PROBLEM DESCRIPTION
Please give a word-for-word repeat of the line containing "this 1705×960 image." and all lines that come after it in the entries below, ending at the last line.

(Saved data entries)

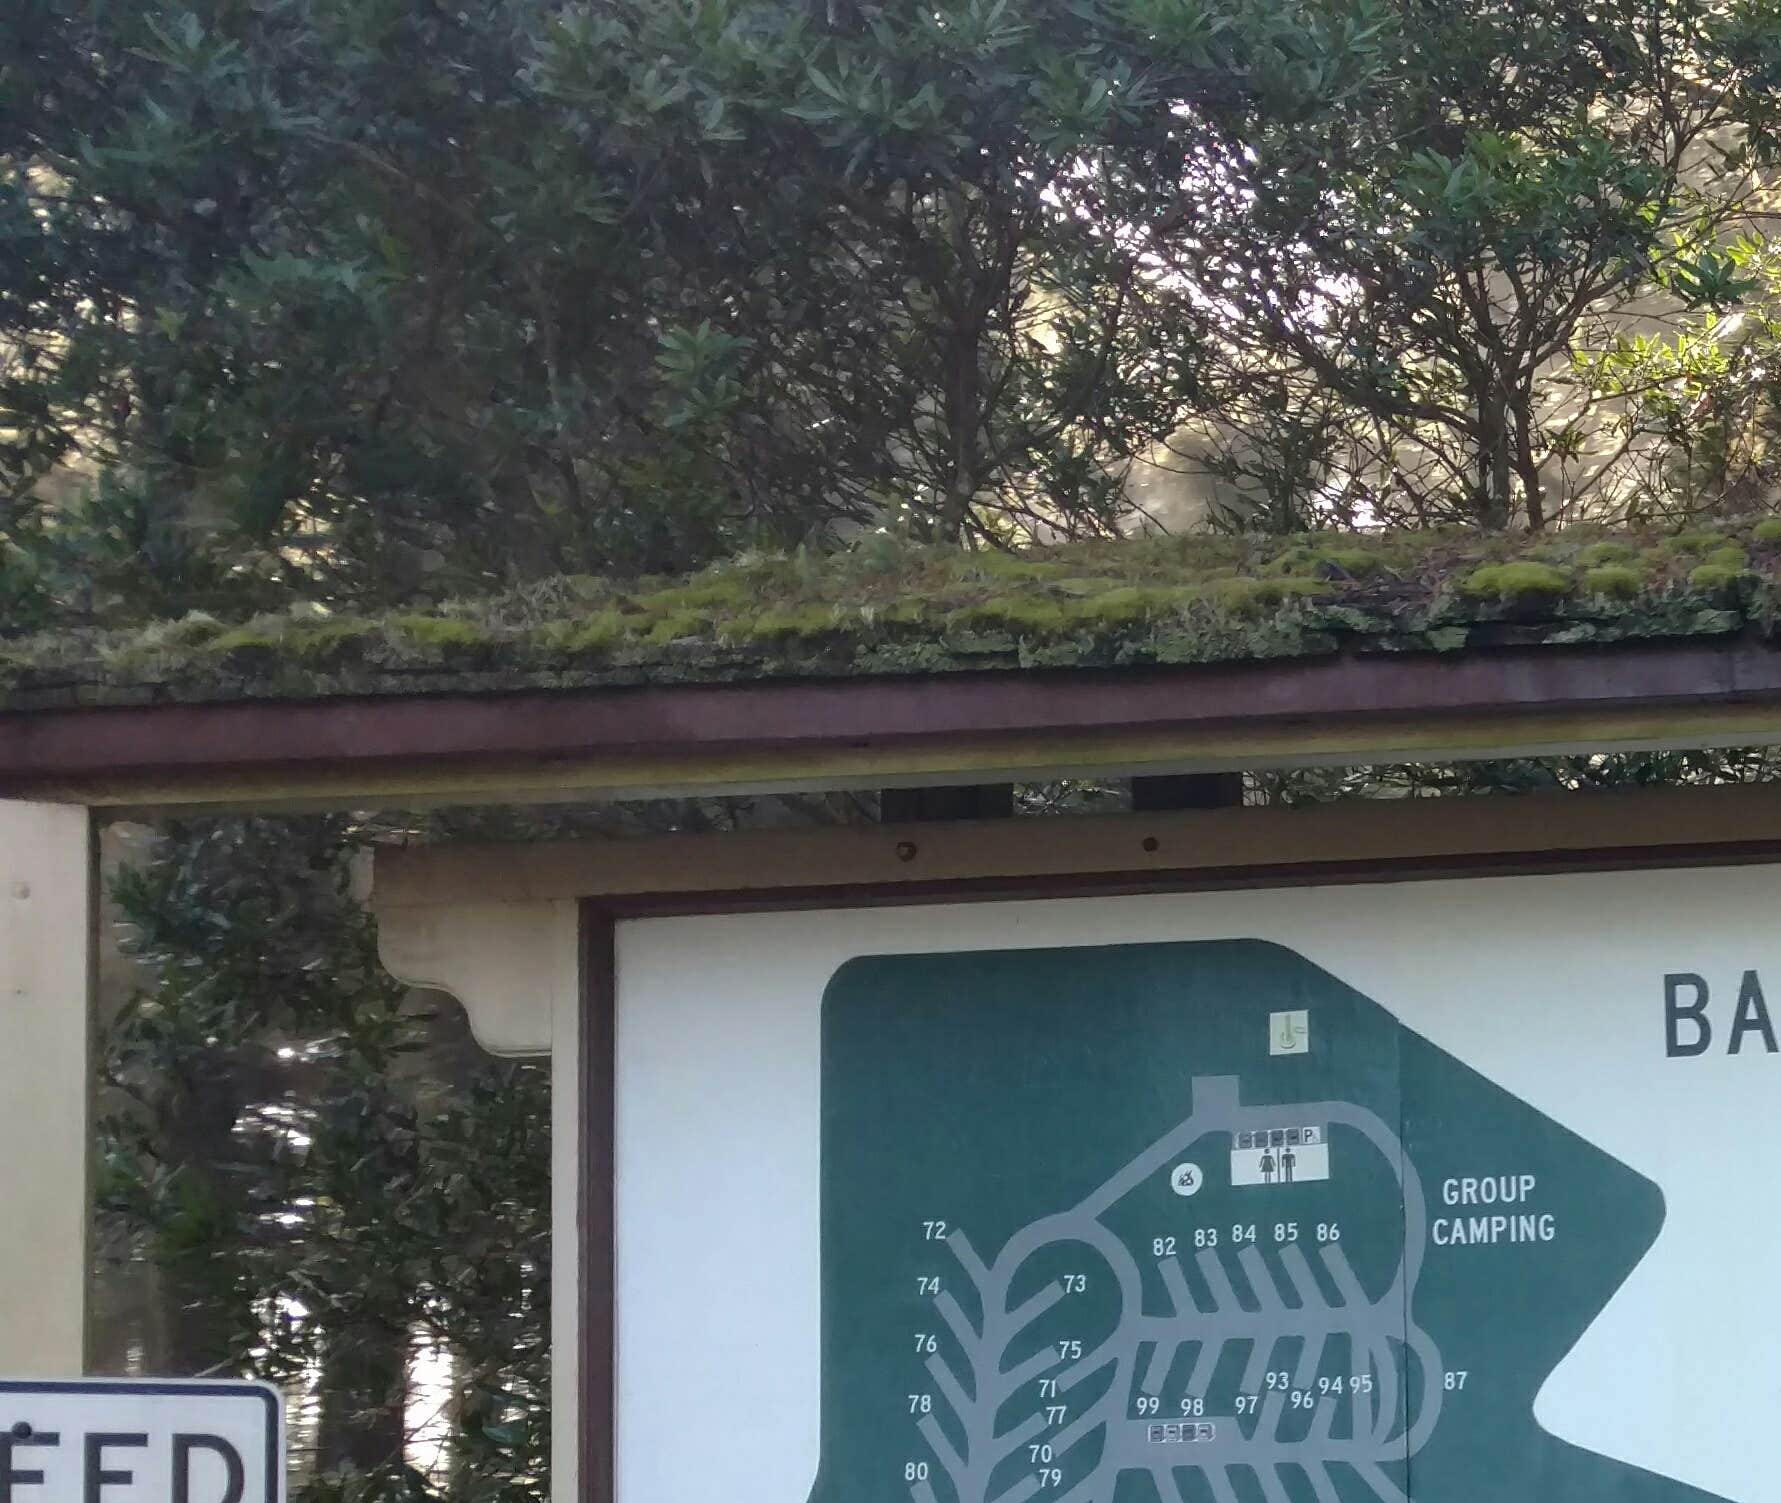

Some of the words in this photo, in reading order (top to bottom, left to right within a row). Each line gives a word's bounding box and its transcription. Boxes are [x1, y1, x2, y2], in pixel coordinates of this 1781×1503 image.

[1443, 1174, 1536, 1205] GROUP
[923, 1221, 946, 1240] 72
[1194, 1228, 1218, 1247] 83
[1232, 1224, 1257, 1243] 84
[1274, 1222, 1298, 1242] 85
[1316, 1223, 1340, 1242] 86
[1432, 1214, 1555, 1245] CAMPING
[1153, 1236, 1177, 1257] 82
[917, 1276, 940, 1296] 74
[1063, 1274, 1086, 1294] 73
[914, 1334, 937, 1353] 76
[1059, 1340, 1082, 1360] 75
[1039, 1379, 1057, 1398] 71
[1265, 1371, 1289, 1390] 93
[1318, 1375, 1343, 1395] 94
[1349, 1373, 1373, 1395] 95
[1444, 1371, 1468, 1390] 87
[908, 1394, 931, 1414] 78
[1136, 1396, 1160, 1416] 99
[1180, 1398, 1204, 1417] 98
[1235, 1395, 1259, 1415] 97
[1291, 1390, 1314, 1409] 96
[1045, 1405, 1067, 1425] 77
[1028, 1444, 1052, 1463] 70
[904, 1462, 929, 1481] 80
[1039, 1468, 1062, 1488] 79
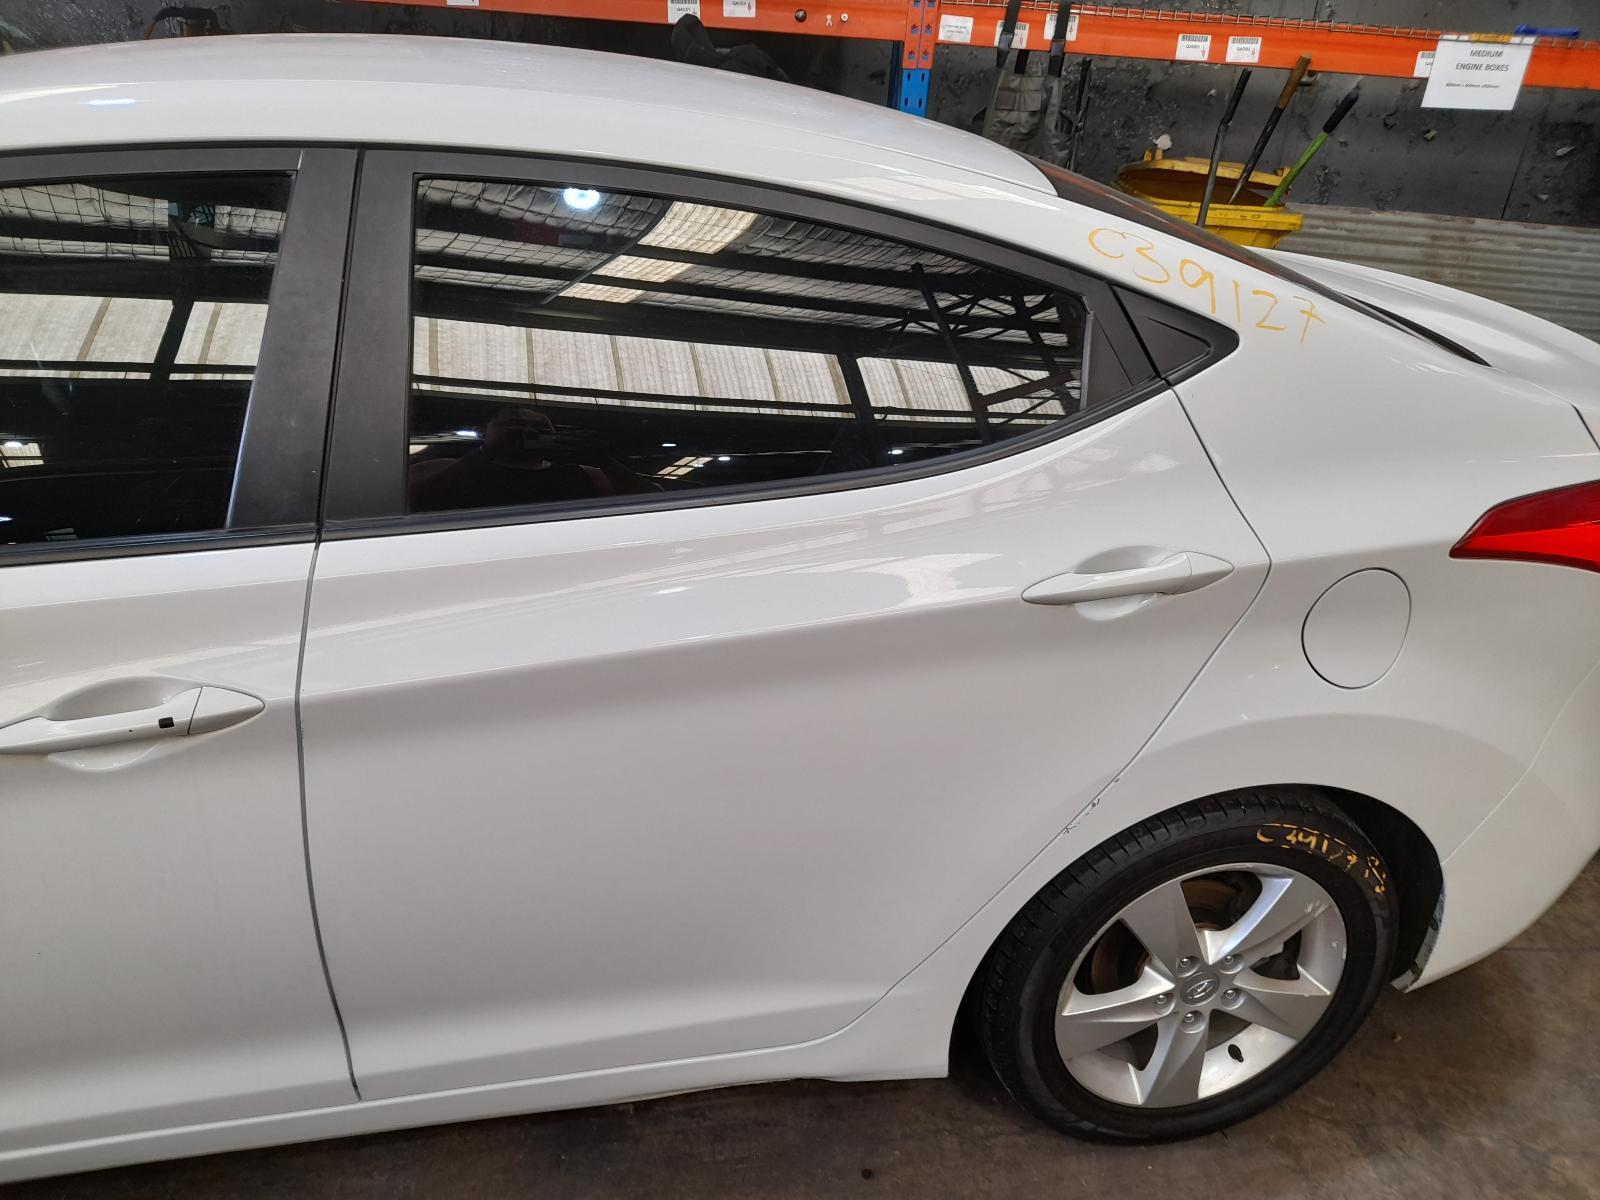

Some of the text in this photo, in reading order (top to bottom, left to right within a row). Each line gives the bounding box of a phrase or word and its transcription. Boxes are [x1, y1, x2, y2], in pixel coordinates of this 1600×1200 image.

[1469, 49, 1504, 58] MEDIUM
[1455, 62, 1510, 72] ENGINE BOXES
[1088, 227, 1327, 344] C39127
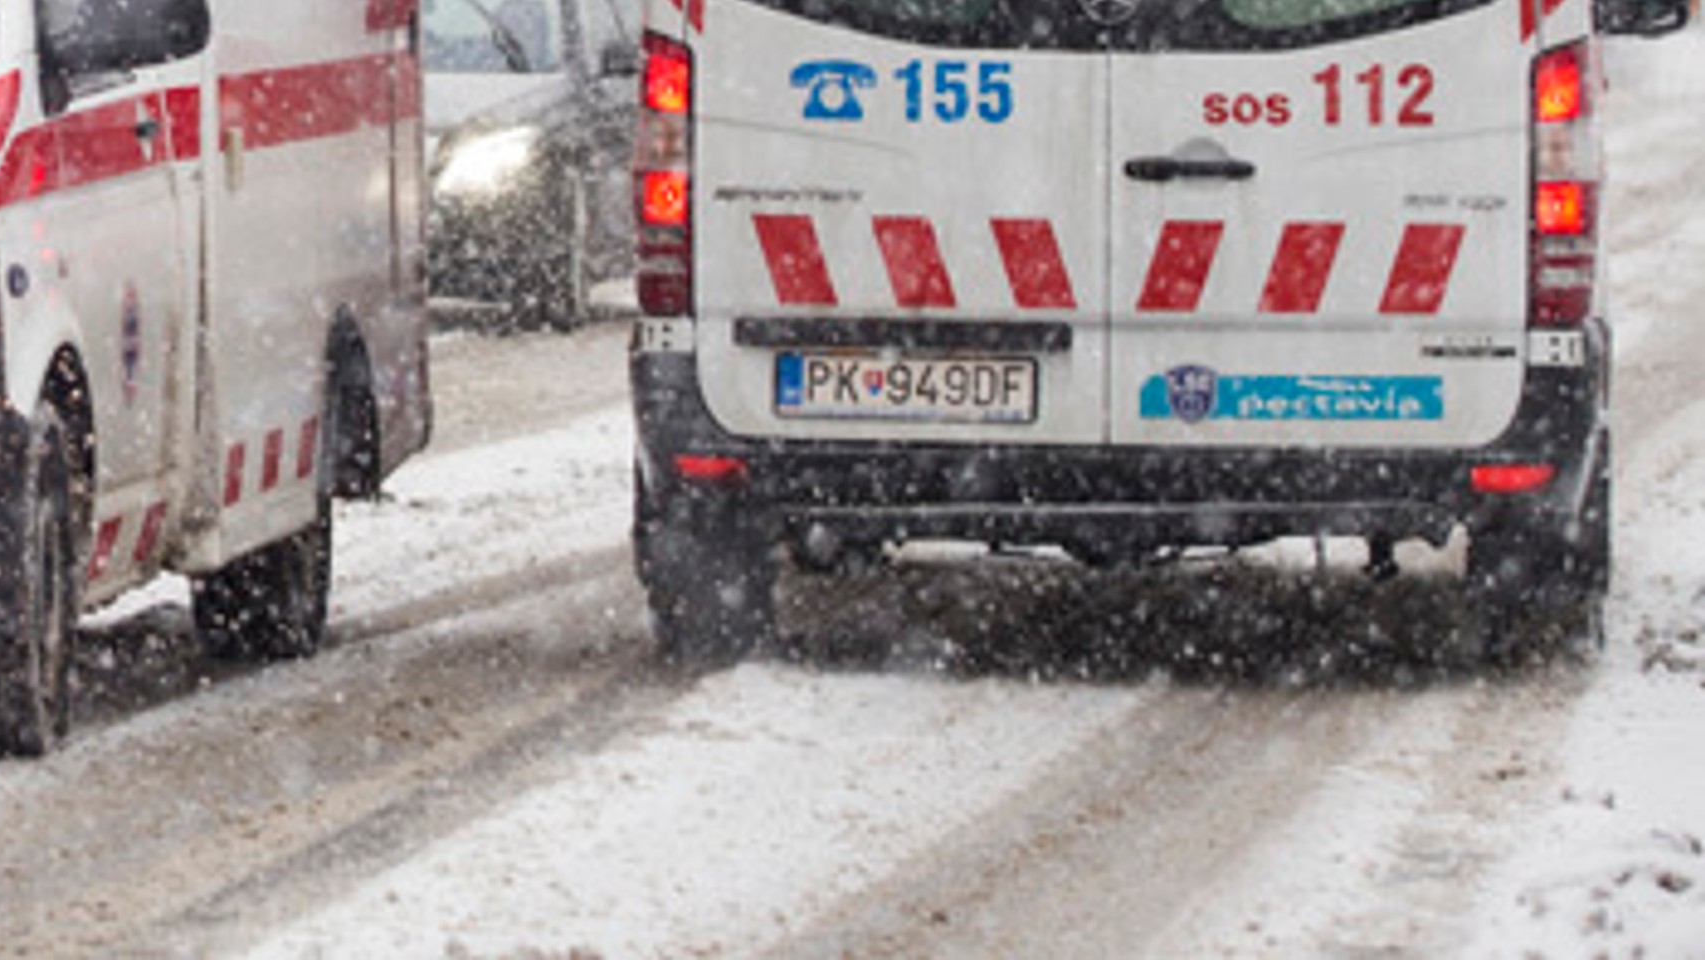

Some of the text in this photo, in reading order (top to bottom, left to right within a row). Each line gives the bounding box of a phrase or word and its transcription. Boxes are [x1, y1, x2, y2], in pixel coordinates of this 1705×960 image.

[894, 60, 1014, 123] 155
[1201, 63, 1435, 127] sos 112

RESULT FOR THIS TASK
Some of the text in this photo, in reading order (top to bottom, left to right within a row). Each line gives the bounding box of a phrase or word and its transcription. Boxes are [x1, y1, x2, y2], in pixel coordinates of this 1705×960 image.

[894, 60, 1014, 123] 155
[1201, 63, 1435, 127] sos 112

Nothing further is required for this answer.